21日、1日で8%を超えて急騰したKOSPIが再び8000ポイントをうかがうなか、国内外の証券会社が今年KOSPIが1万ポイントまで上昇し得るとの分析を示した。今年のKOSPIが異例の急騰局面となっており「スピード違反」への懸念はあるものの、株価上昇は業績改善に基づくもので追加上昇の余地があるという見方だ。
KOSPIはこの日、前営業日比8.42%(606.64ポイント)高の7815.59で取引を終えた。15日、日中に8000ポイントを上回った直後に大幅な調整があったが、これを大部分取り戻す急騰だった。
株式市場が力強く反発し、証券街ではKOSPIがさらに上昇して1万ポイントを達成し得るとの見通しに勢いがついた。グローバル投資銀行(IB)の野村證券は20日に公表したリポートで、今年のKOSPI目標を従来の7500〜8000ポイントから1万〜1万1000ポイントへと引き上げた。

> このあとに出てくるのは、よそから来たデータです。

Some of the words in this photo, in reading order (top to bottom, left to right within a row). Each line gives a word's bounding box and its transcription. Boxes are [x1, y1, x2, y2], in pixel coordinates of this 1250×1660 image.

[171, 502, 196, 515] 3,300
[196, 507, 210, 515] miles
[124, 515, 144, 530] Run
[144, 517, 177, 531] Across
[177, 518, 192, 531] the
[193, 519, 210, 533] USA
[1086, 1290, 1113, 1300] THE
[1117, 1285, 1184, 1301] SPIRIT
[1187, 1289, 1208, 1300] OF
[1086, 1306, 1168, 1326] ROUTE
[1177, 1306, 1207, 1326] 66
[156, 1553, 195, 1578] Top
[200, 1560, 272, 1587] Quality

野村證券は企業業績と自己資本利益率(ROE)主導のサイクルに基づいて見通したと説明した。リポートは「汎用メモリーと高帯域幅メモリー(HBM)はスーパーサイクルにあり、これは2026〜2027年のKOSPIの業績成長とROEを牽引する中核動力だ」とし、「メモリー・HBM、電力設備、エネルギー貯蔵装置(ESS)、原子力を含む人工知能(AI)インフラ部門が今後5年間、持続可能なROEを創出する」と説明した。
キウム証券もKOSPIが1万ポイントを超える可能性が大きいとみている。ハン・ジヨン・キウム証券研究員はこの日のリポートで「韓国株式市場は利益増加率が株価上昇率を上回る業績相場にある」と述べ、「最近の相場調整の口実となったマクロ不確実性も沈静局面に入った」と語った。最近、米国とイランが合意に近づき、それに伴い原油価格も軟化し、米金利の急騰が沈静化しているとの判断だ。

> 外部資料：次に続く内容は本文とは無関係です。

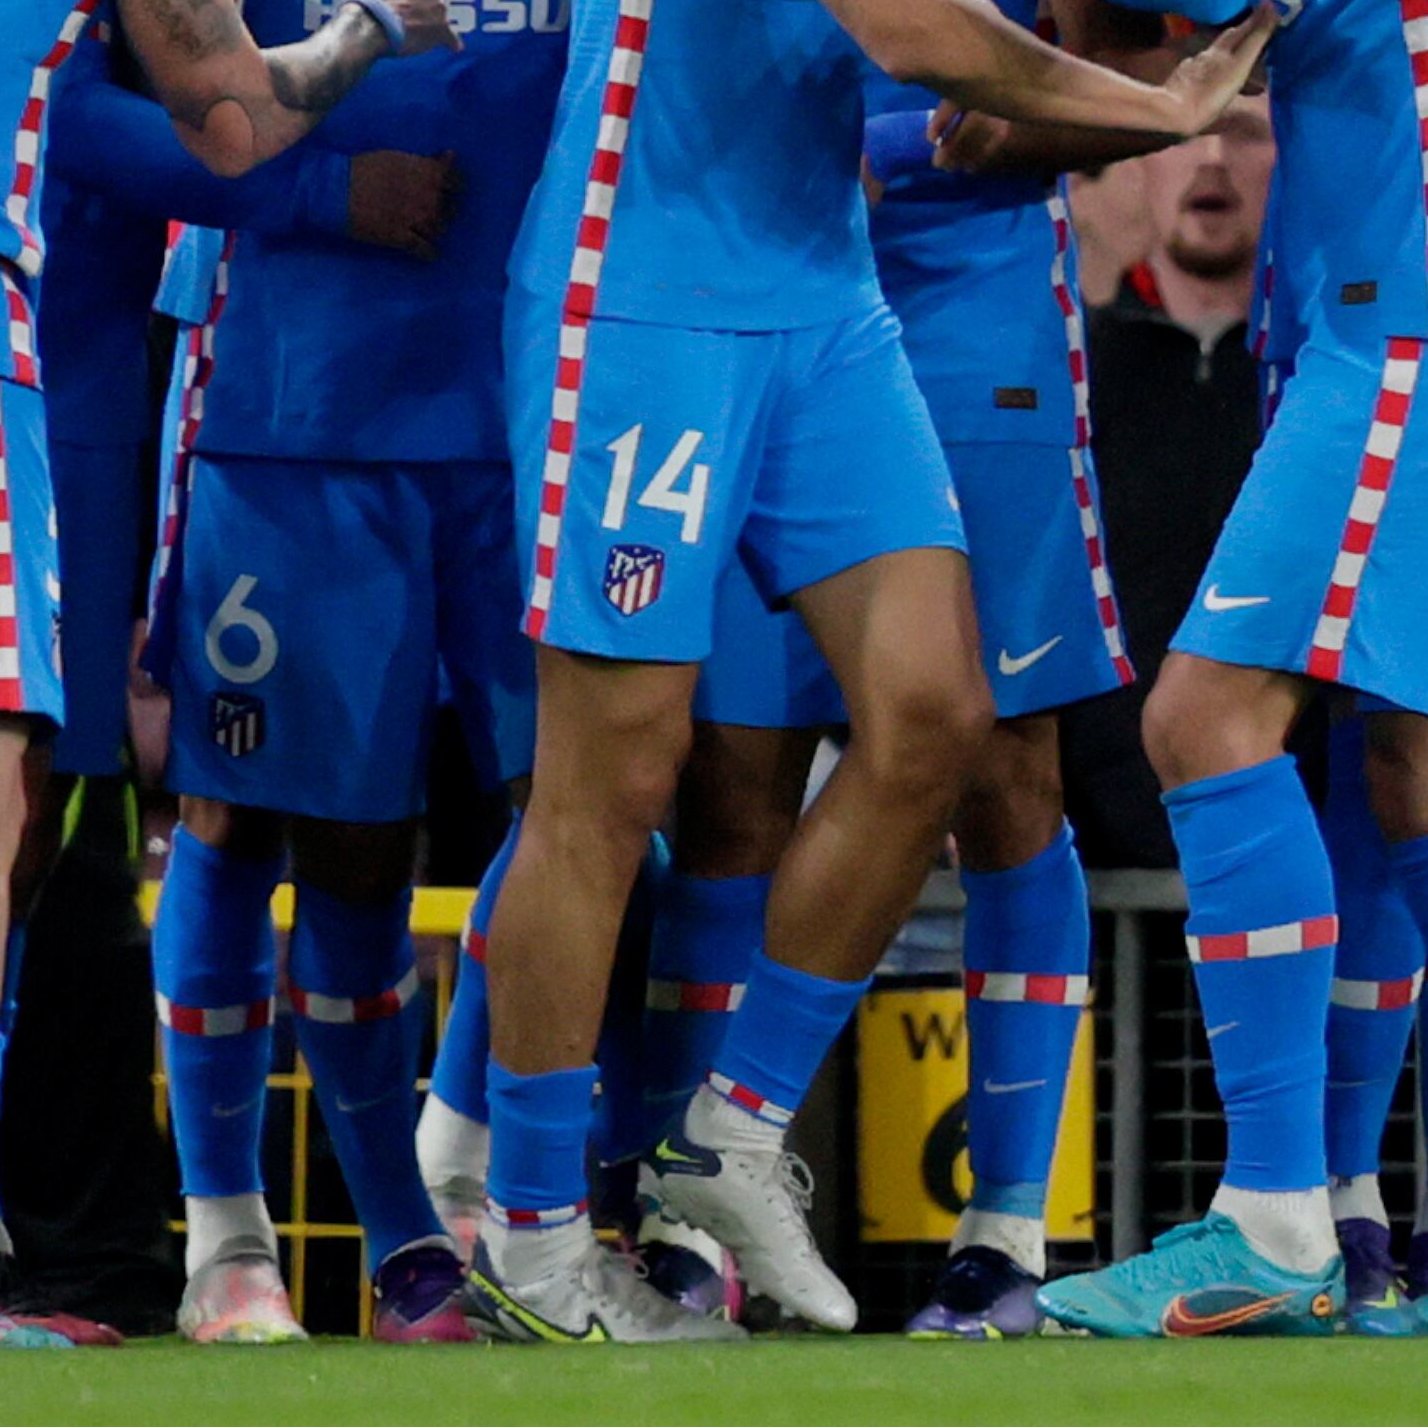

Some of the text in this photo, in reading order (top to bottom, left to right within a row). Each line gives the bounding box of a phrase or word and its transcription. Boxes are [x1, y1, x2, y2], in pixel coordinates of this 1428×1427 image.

同研究員は「有価証券市場上場企業の利益コンセンサス(市場予想の平均)が追加で上方修正されず年末まで続くという前提の下で、過去の長期平均PERである10倍を適用してみると、KOSPIが1万ポイントを突破するシナリオにも現実味がある」と述べた。
同研究員は「今はこれまでの急騰に伴うスピード違反の後遺症を経験しており、マクロ不確実性が日中のボラティリティを高めている時期であることは確かだ」としつつも、「しかしマクロの重荷を相殺し得るラリーの動力は枯渇していない点に注目する必要がある」と説明した。
ハナ証券も『万スピ』見通しを示した。ハナ証券は18日、今年のKOSPI予想純利益を689兆ウォン、2027年の予想純利益を853兆ウォンと見込み、現在の利益見通しが現実化する場合、韓国株式市場は1万ポイント時代に入る可能性があると分析した。
イ・ジェマン・ハナ証券研究員は「2010年以降のKOSPI平均PERは9.96倍だ」とし、「今年末までに2027年の純利益を指数が先取りして織り込むなら、KOSPIの時価総額は8499兆ウォンに達し、指数換算では1万380ポイントになる」と説明した。